*If the KC Snowpocalypse 2014 will ever end! However, I must point out that a friend of mine on Facebook pointed out that "Snowpocalypse" really isn't fair since we had a really similar storm last year. And the year before. And a worse storm a few years ago. And that awful ice storm back in '01 or '02. Fair enough.
This being my first year teaching social studies*, I was a little apprehensive about building my units before I started teaching the subject. It was difficult to know exactly how I wanted to teach history until I got into teaching history.
*My first three years of teaching were in a science class. This is year four total, but year one in social studies.
I have said to many of my friends and family that, at its essence, teaching is teaching. I do not have much content expertise when it comes to Physical Science, but I do have skills that lend themselves to teaching and learning. Because of those skills, I was able to be a proficient science teacher even though that is outside of my content expertise. So now I teach history and government. This is what I'm really knowledgeable in content-wise.
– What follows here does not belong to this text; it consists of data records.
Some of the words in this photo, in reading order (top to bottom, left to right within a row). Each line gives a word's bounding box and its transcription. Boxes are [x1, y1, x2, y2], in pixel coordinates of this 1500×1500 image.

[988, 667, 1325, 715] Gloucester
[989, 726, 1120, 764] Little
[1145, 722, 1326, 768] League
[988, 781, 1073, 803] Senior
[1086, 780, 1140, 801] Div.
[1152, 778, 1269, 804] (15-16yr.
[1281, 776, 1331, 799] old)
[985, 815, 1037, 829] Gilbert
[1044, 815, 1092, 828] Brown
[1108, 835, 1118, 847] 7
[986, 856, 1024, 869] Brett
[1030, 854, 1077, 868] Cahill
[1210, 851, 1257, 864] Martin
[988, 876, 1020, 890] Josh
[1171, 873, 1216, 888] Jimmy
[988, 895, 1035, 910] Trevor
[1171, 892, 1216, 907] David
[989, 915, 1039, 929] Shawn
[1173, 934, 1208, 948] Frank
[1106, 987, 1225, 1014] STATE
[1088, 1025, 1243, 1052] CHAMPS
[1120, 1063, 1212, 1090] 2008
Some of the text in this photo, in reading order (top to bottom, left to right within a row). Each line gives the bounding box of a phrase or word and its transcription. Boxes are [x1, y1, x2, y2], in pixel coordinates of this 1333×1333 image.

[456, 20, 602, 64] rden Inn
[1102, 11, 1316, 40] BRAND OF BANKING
However I still didn't know what strategies would translate from science to history and government. Science is very much a concrete, process-based area of study. History and government are ideas-based areas of study. Is there a process to the study of history? Sure. Are ideas important to science? Of course. But I think that at their core, these two subjects represent different ways of thinking.
One strategy that was suggested by Angela from her high school days was a Learning Activity Packet, called a LAP for short. The idea of the LAP is that you give the student everything at the start of the unit - assignments, unit outlines, study guides, projects, enrichment activities...all of it. The LAPs that I developed in science class last year were based on vocabulary acquisition and reading comprehension. By the time Angela had convinced me to listen to her wisdom* the year was almost done and I only had time to develop one LAP. My professional goal for this year was to be disciplined enough to develop a LAP for each unit of the year for both Modern World History and US Government. So far, I've done that for both of my classes.
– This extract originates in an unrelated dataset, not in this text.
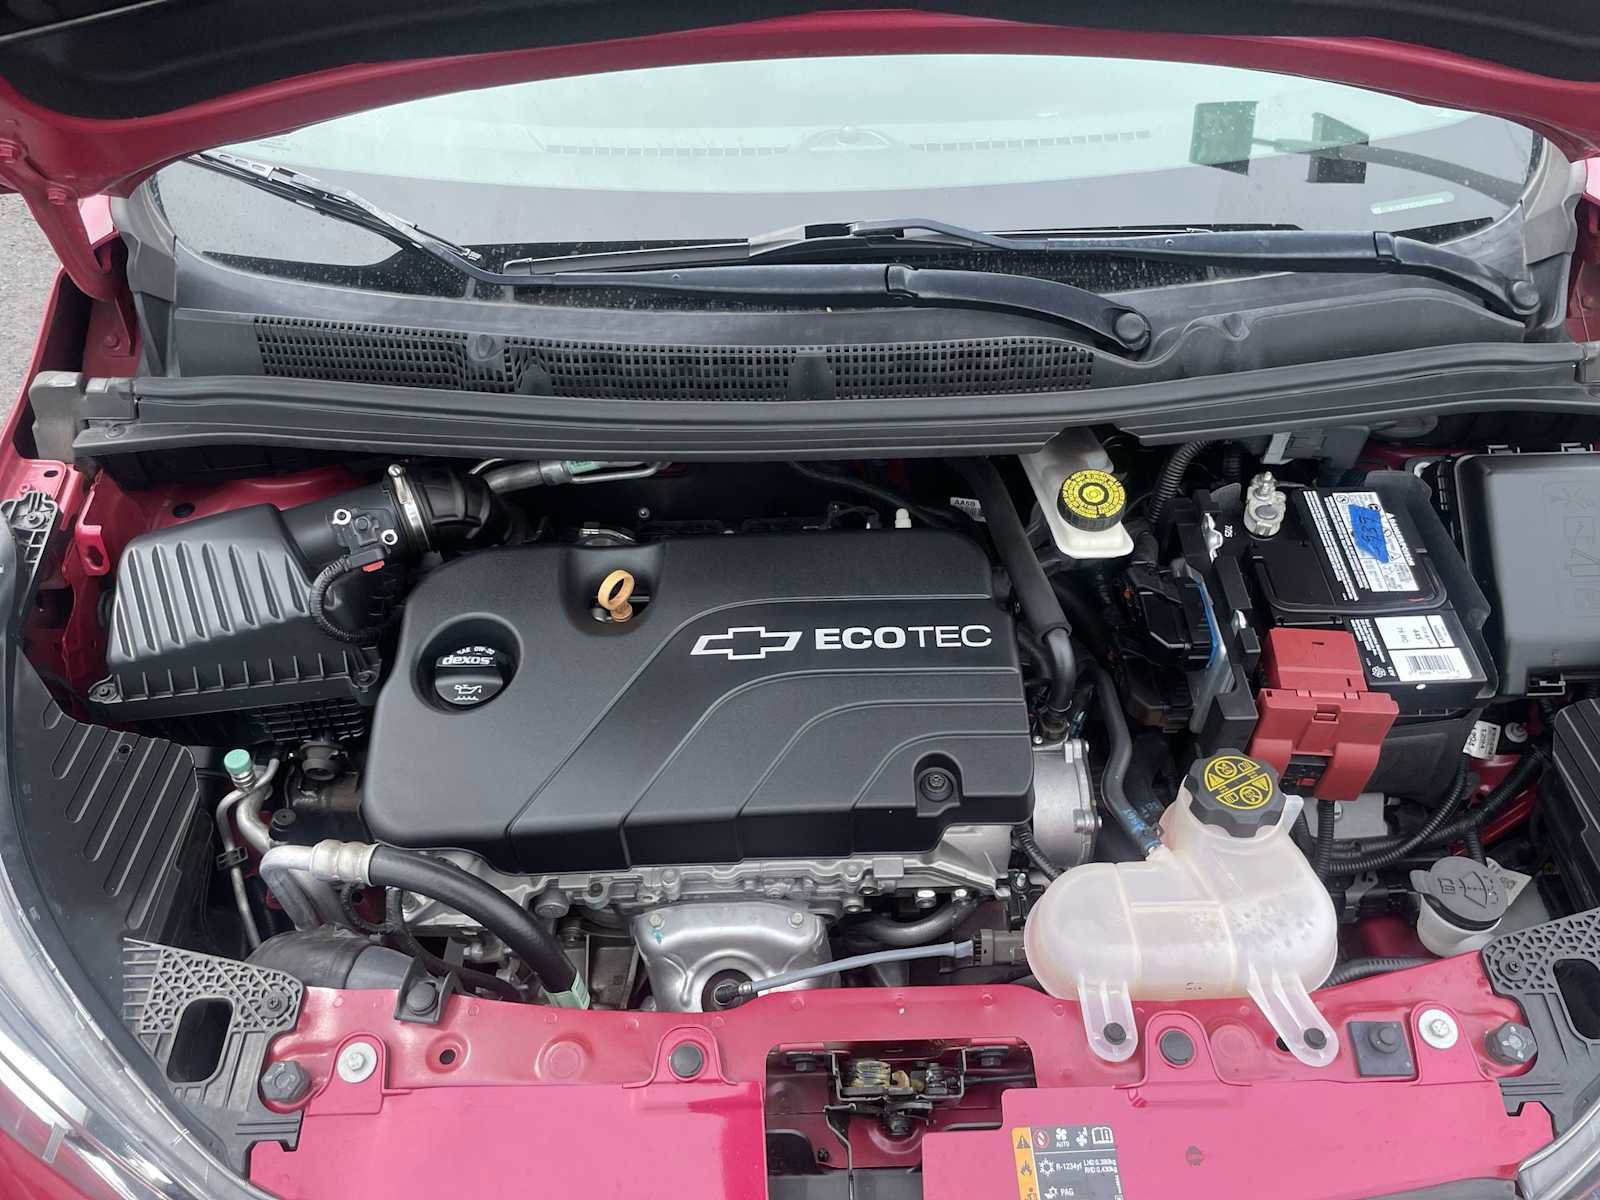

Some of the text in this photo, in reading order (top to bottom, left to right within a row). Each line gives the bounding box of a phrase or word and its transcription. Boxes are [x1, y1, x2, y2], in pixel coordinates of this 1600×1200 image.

[815, 624, 993, 650] ECOTEC
[442, 654, 491, 665] dexos
[1060, 1187, 1075, 1197] PAG
*Something I should do much more often.
Here's a dirty little secret about us teachers - we usually do not have every moment of a unit planned out before the unit begins. Many of us have a general outline, but the specific day-to-day activities and lessons may not be ready to go on day one. I don't speak for all teachers here and certainly know a few master teachers at my school and in my PLN for whom this statement does not apply. The first three years of my career, I would often begin a unit unsure of what we would do throughout the unit. Sometimes it worked; sometimes it crashed and burned. I am attracted by the idea of the LAP because it forces me to think through the entirety of the unit before it starts. It's kind of like the unit outline you learned about in your education classes but much more polished.
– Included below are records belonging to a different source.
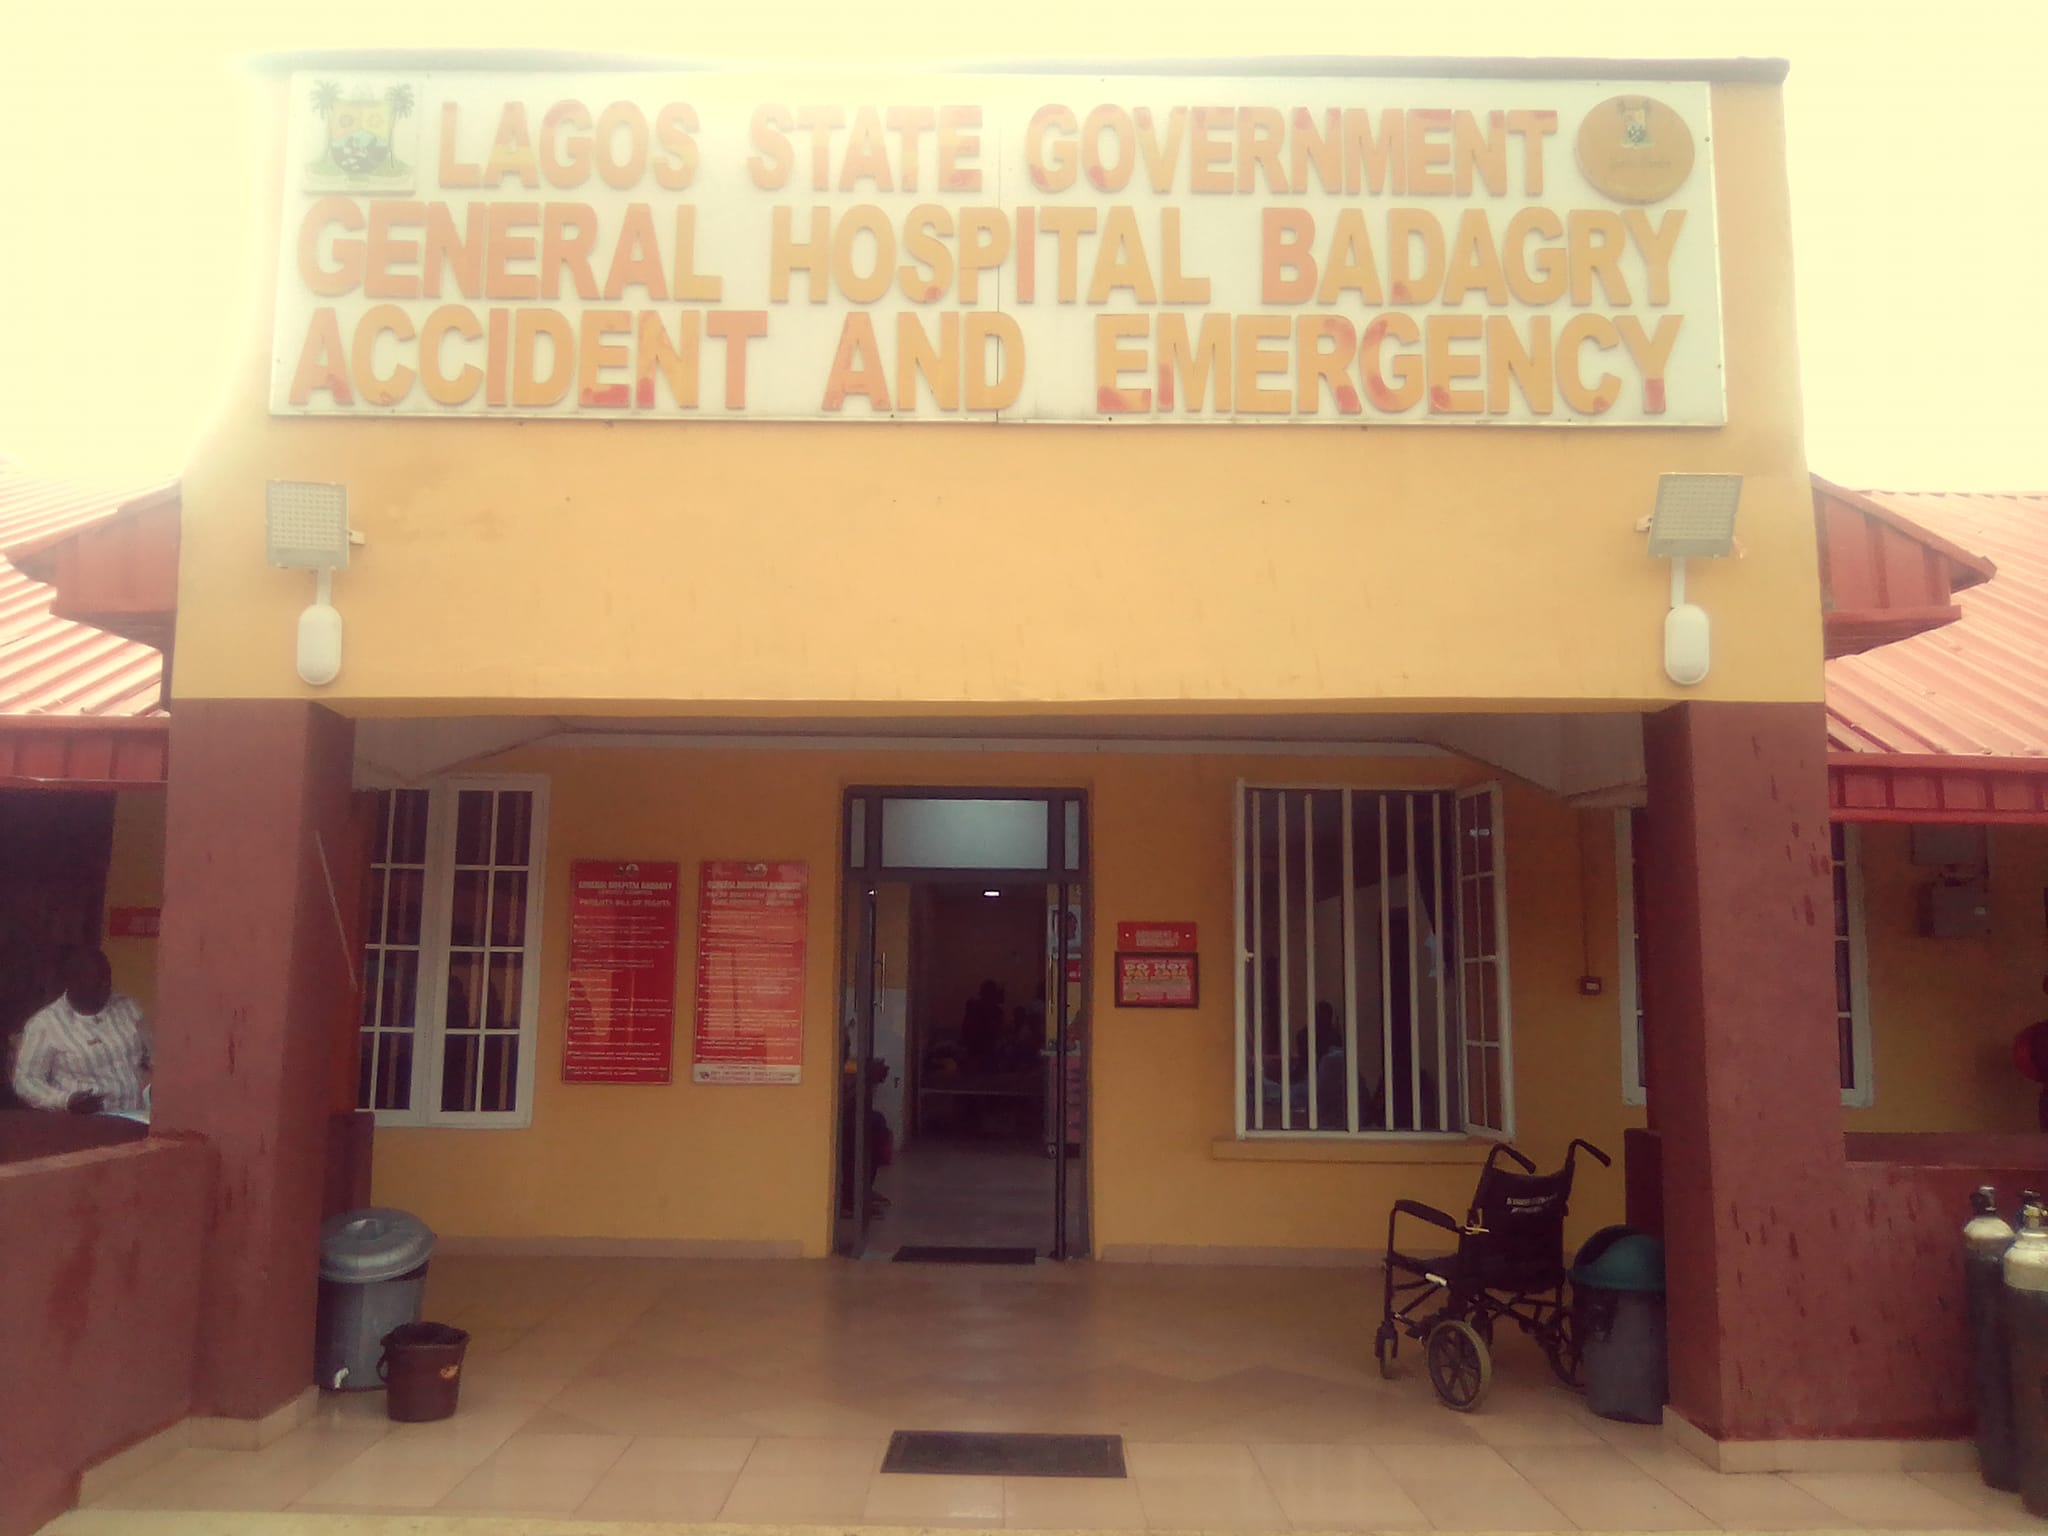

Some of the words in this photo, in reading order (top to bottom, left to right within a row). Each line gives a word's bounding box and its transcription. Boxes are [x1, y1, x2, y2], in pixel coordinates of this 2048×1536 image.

[438, 99, 699, 190] LAGOS
[746, 102, 983, 193] STATE
[1026, 103, 1558, 198] GOVERNMENT
[296, 197, 722, 301] GENERAL
[770, 203, 1211, 305] HOSPITAL
[1260, 206, 1688, 307] BADAGRY
[288, 304, 768, 409] ACCIDENT
[820, 309, 1026, 412] AND
[1096, 311, 1685, 415] EMERGENCY
I build my units around vocabulary acquisition, chapter outline strategies (focused on reading and summarizing...yay common core!) and I've added on a project to each of the units. You can view a .pdf of one of the units we did in Modern World History this year on Muslim Empires here. Going forward, the LAPs are going to be a central strategy in how I teach. I have had several students who have finished a LAP quickly and then asked for some kind of enrichment. That is where class can get really fun. I have one student researching TED talks in and potentially making a TED-ED talk himself sometime this semester. I have several other students who I am trying to get to start a blog because they love to write. Unfortunately, blogs aren't unlocked on our district network yet, but that's hopefully coming soon!